AI Claude-Code Development Plugins Quality

Claude Code: Part 2 - The Enforcers

January 5, 2026 16 min read Updated January 6, 2026

“The enemy of art is the absence of limitations” — Orson Welles

This is Part 2 of a three-part series on Claude Code configuration. Part 1 covers foundation and mixin architecture. Part 3 explores real-world workflow patterns.

In Part 1, we built the foundation: wrapper scripts, orchestrator philosophy, and the mixin system. But foundations alone don’t ensure quality.

LLMs are notorious for generating slop—code that looks plausible, compiles fine, and subtly (or dangerously) misses the point. Claude’s 4.5 models are genuinely excellent and reduce the error rate significantly compared to their predecessors. But no model, however capable, will ever achieve zero defects. The question isn’t “will the AI generate bad code?” (it will) but “what catches the bad code before it ships?”

The answer is systems. A model is one component; the system around it determines real-world reliability. Claude Code provides some pieces out of the box—the agentic loop with tool use, the ability to run tests and read errors—but we can build much further on that foundation.

Enforcers. Think of them as quality inspectors on the factory floor—automated systems that catch problems before they ship.

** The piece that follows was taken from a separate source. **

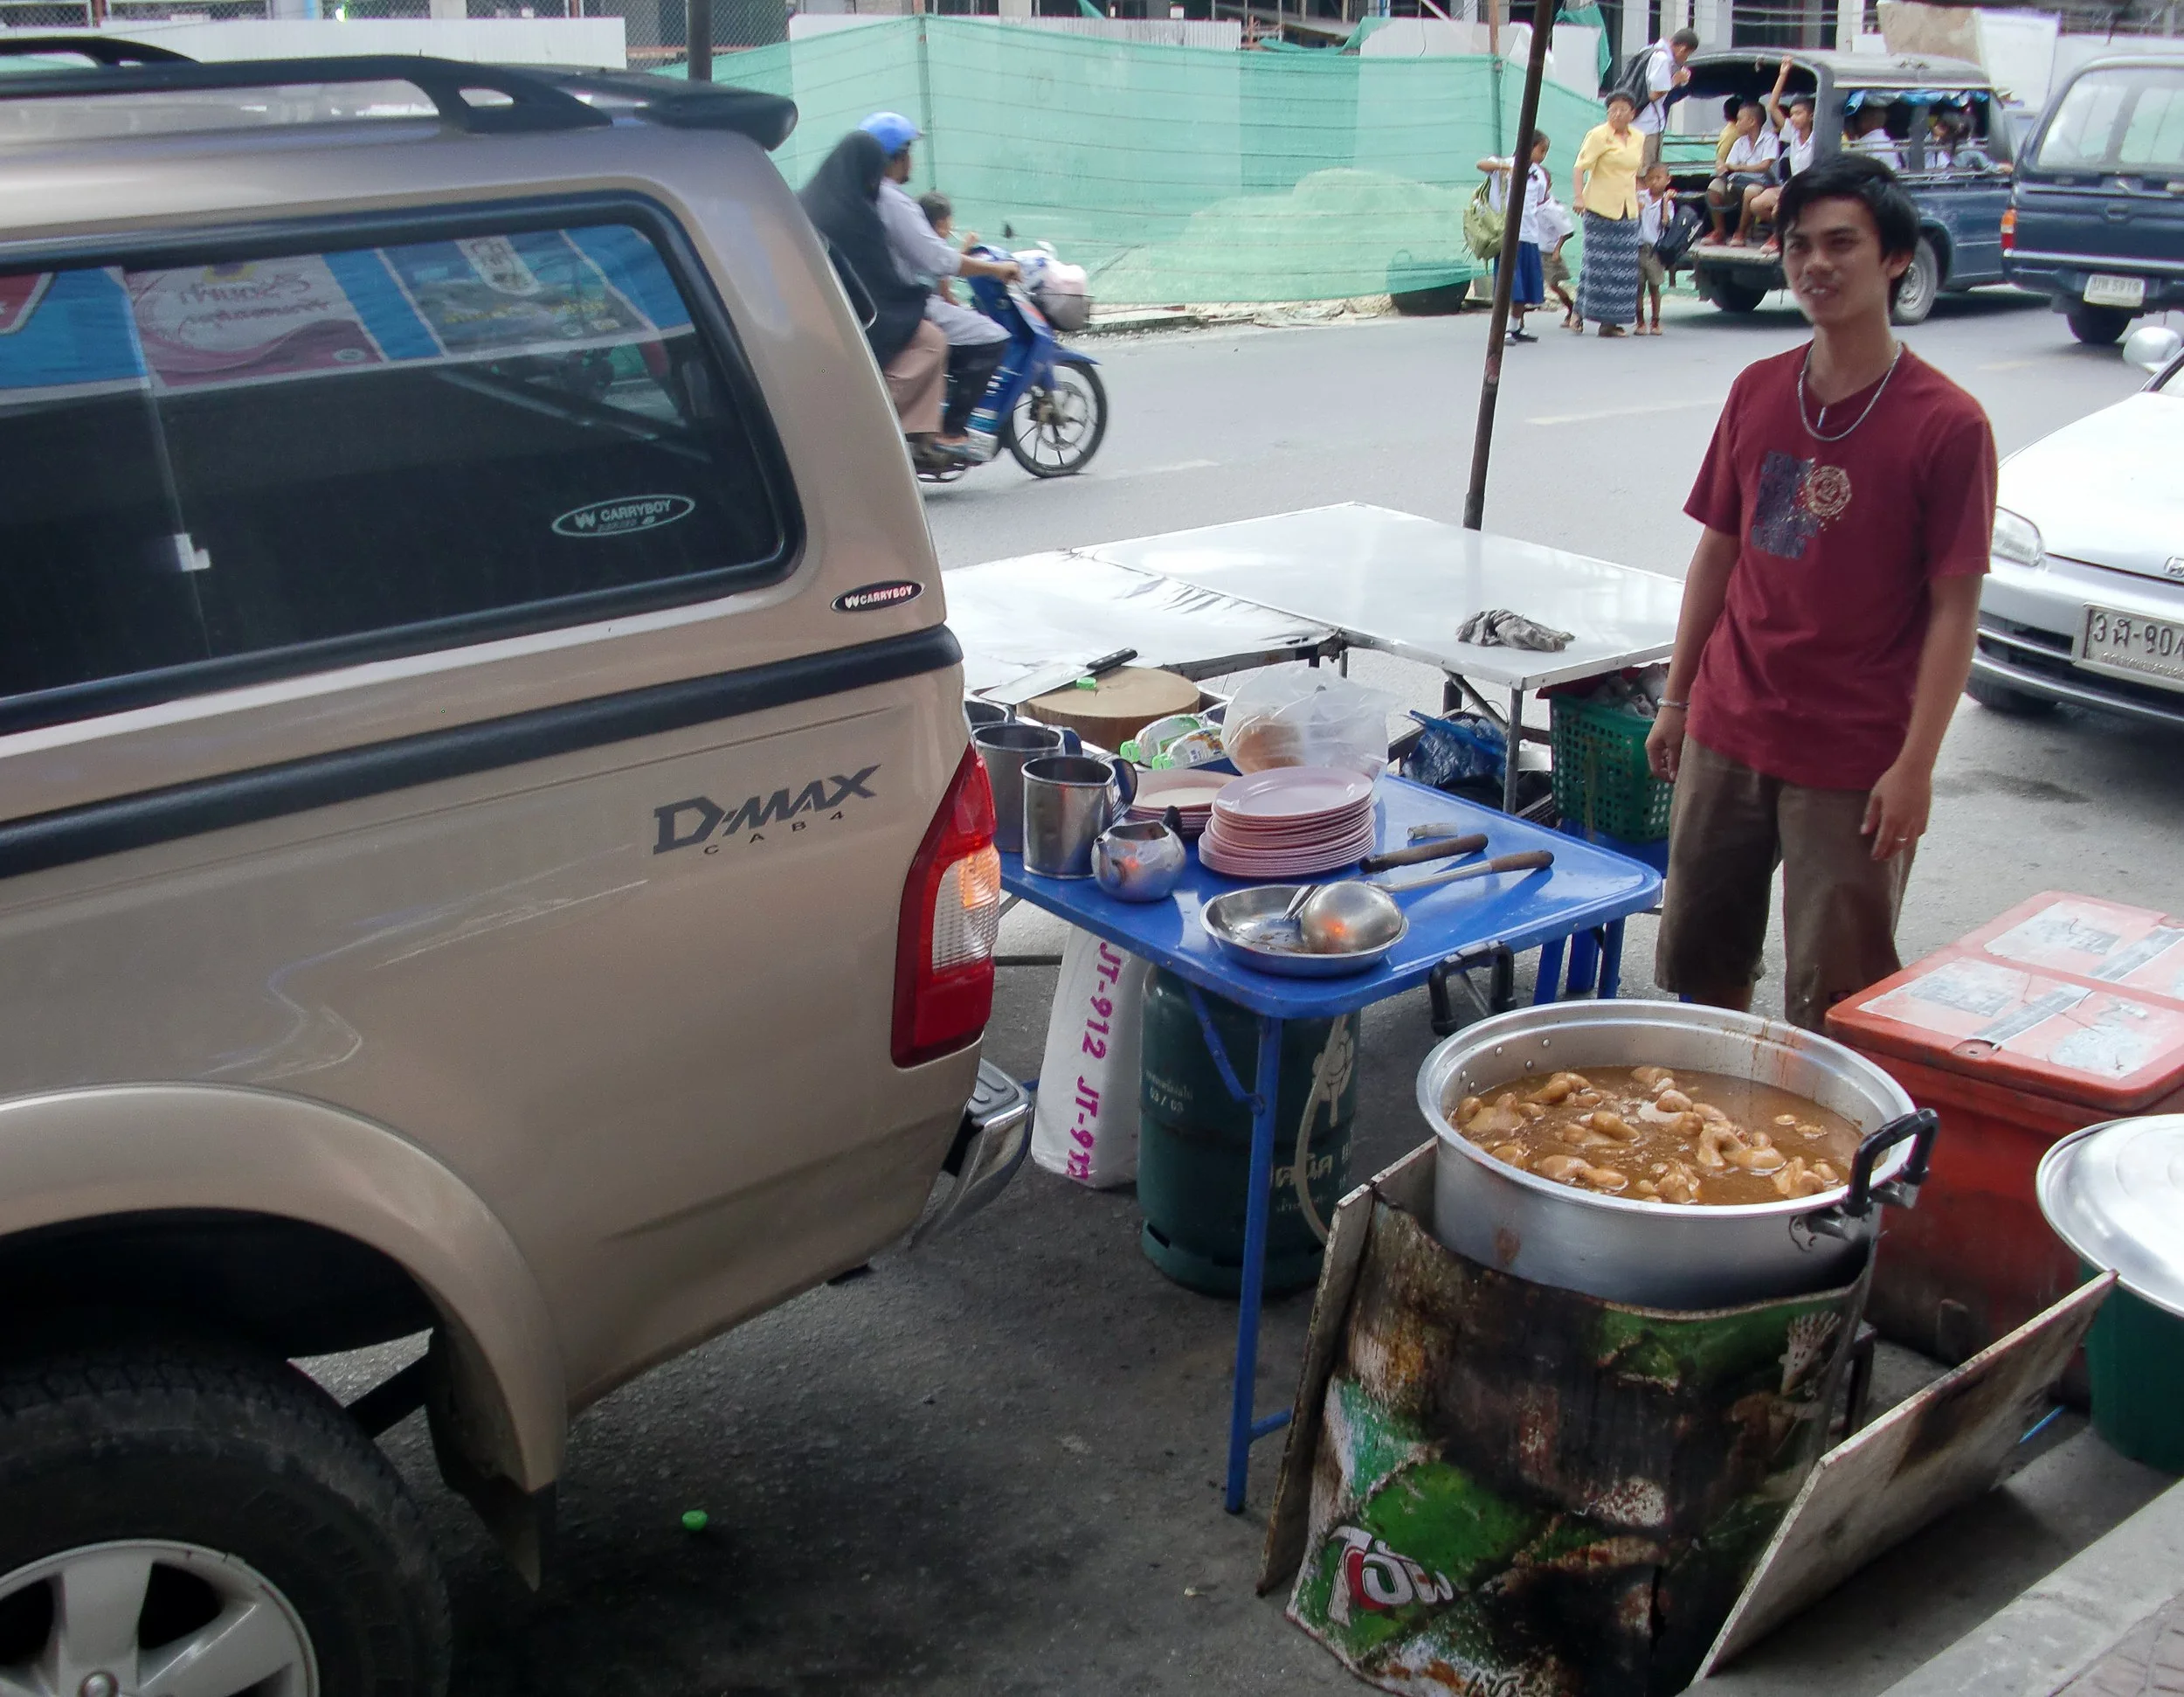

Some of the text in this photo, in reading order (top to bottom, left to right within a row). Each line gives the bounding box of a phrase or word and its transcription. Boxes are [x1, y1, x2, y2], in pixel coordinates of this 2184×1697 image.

[600, 500, 671, 522] CARRYBOY
[860, 585, 913, 605] CARRYBOY
[1082, 942, 1122, 1059] JT-912

Hook-Based Enforcement: The Silent Guard

My favorite enforcement mechanism is a PostToolUse hook that runs linting after every file edit. It hooks into Edit, Write, and any MCP tools that modify files. If lint fails, the hook fails—and Claude Code won’t accept that file modification until the lint issues are resolved.

Here’s a simplified version:

  "hooks": {
    "PostToolUse": [
      {
        "matcher": "Write|Edit|mcp__DevTools__insert_after_symbol|mcp__DevTools__insert_before_symbol|mcp__DevTools__replace_symbol_body",
        "hooks": [
          {
            "type": "command",
            "command": "jq -r '.tool_input?.filePath // .tool_input?.file_path // error(\"Missing filePath or file_path in tool_input\")' | xargs bun run lint --fix --max-warnings=0 --no-warn-ignored 1>&2 || exit 2"
          }
        ]
      }
    ]
  }

The beauty of this approach: Claude can’t ignore lint errors. Every file edit triggers the hook. If there’s a problem, the edit is rejected and Claude gets immediate feedback about what’s wrong. It’s not “fix the lint later”—it’s “you can’t proceed until you fix this.”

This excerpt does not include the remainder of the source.